**PROBLEM DETAILS:** Repeat exactly the line with "this 1280×964 image." and each line after it to the end of the data below; pictures stay out.

[Start of Attachment]

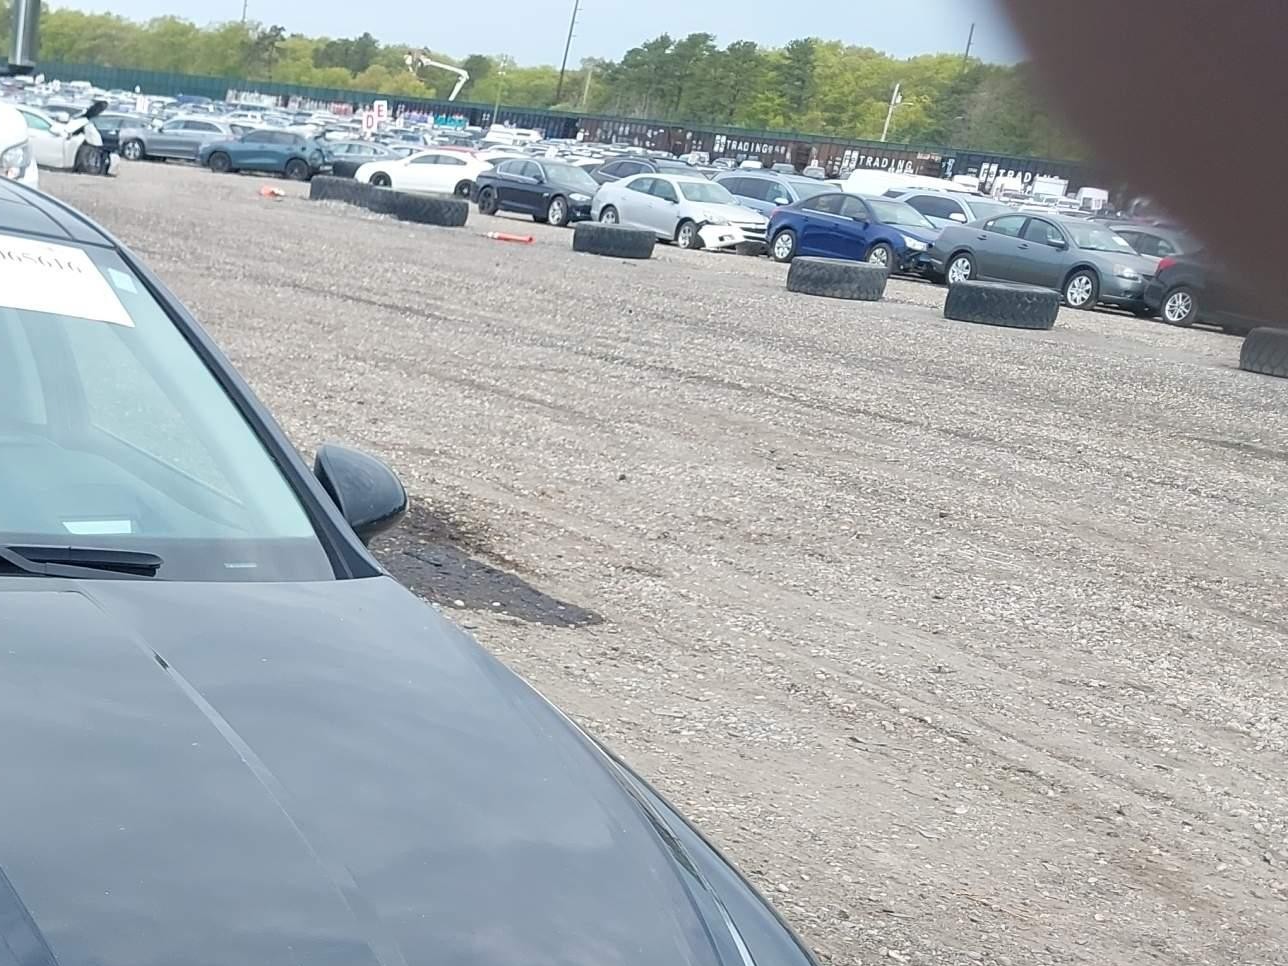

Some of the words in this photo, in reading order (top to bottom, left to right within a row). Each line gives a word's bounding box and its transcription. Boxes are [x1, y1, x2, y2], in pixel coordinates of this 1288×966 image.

[377, 104, 385, 118] E
[366, 114, 374, 129] D
[726, 140, 769, 154] TRADING
[859, 155, 913, 171] TRADING
[998, 169, 1059, 183] TRAD
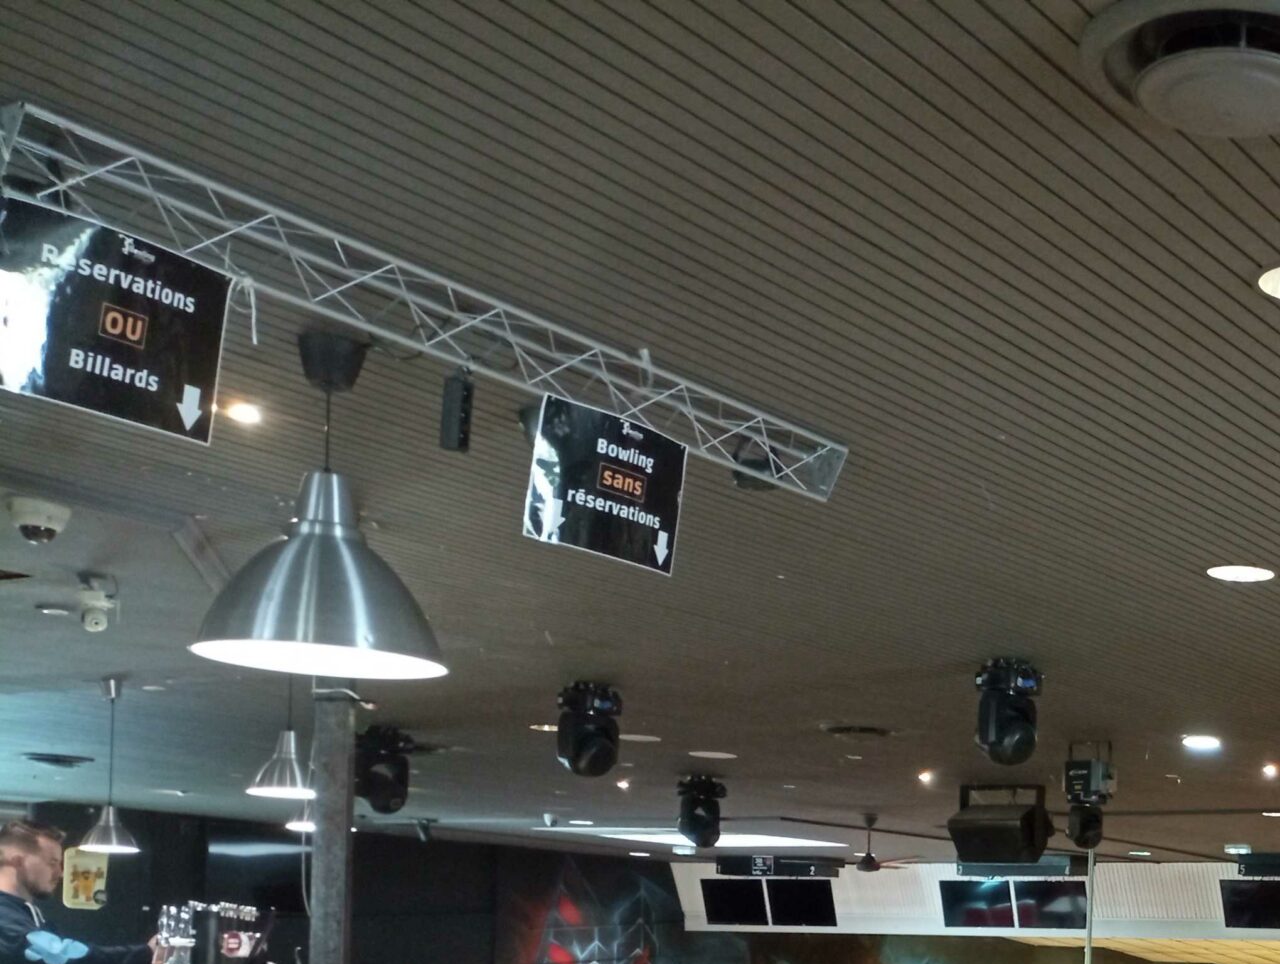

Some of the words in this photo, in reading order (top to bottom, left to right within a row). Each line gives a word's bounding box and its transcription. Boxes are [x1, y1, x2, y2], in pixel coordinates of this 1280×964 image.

[104, 311, 143, 342] OU
[68, 348, 159, 392] Billards
[596, 438, 654, 474] Bowling
[602, 470, 643, 496] sans
[567, 489, 661, 529] réservations
[809, 865, 816, 876] 2
[1239, 864, 1246, 875] 5
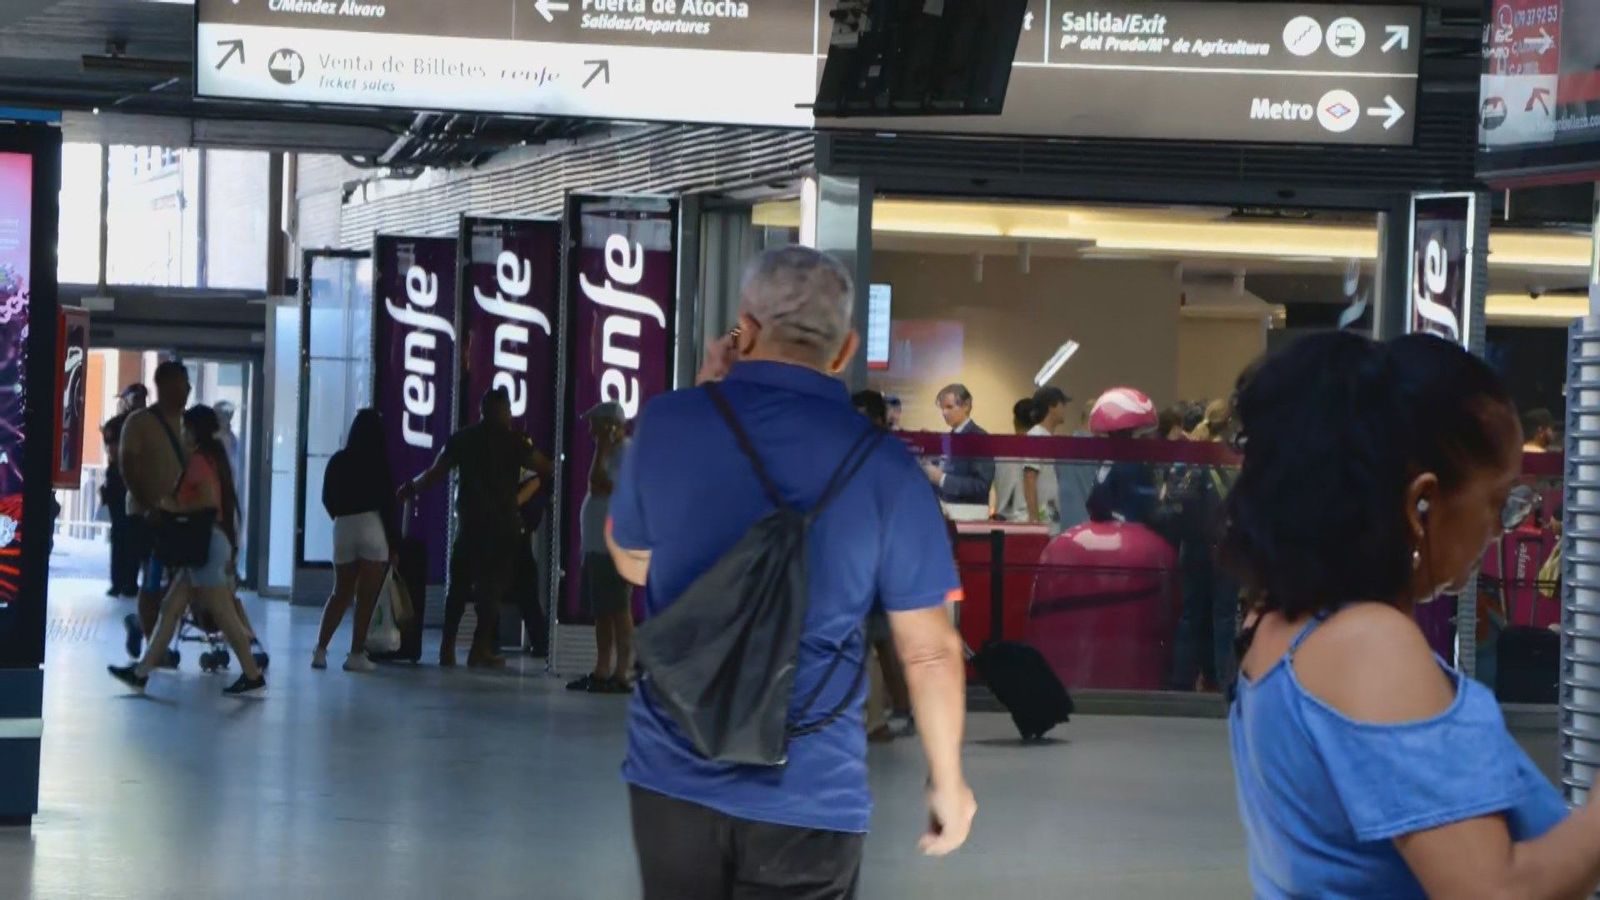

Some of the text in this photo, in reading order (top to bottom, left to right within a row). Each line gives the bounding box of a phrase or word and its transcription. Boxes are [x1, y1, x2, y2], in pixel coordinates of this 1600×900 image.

[End of Attachment]

**SOLUTION FOR THIS EXERCISE:**
Some of the words in this photo, in reading order (top to bottom, left to right within a row). Each line gives a word's bounding box and its transcription. Boxes are [x1, y1, x2, y2], in pixel coordinates of this 1280×964 image.

[104, 311, 143, 342] OU
[68, 348, 159, 392] Billards
[596, 438, 654, 474] Bowling
[602, 470, 643, 496] sans
[567, 489, 661, 529] réservations
[809, 865, 816, 876] 2
[1239, 864, 1246, 875] 5

Some of the text in this photo, in reading order (top to bottom, left to right within a row). Each line gives the bounding box of a phrase or word and its transcription. Boxes are [x1, y1, x2, y2], in pixel coordinates of this 1600×900 image.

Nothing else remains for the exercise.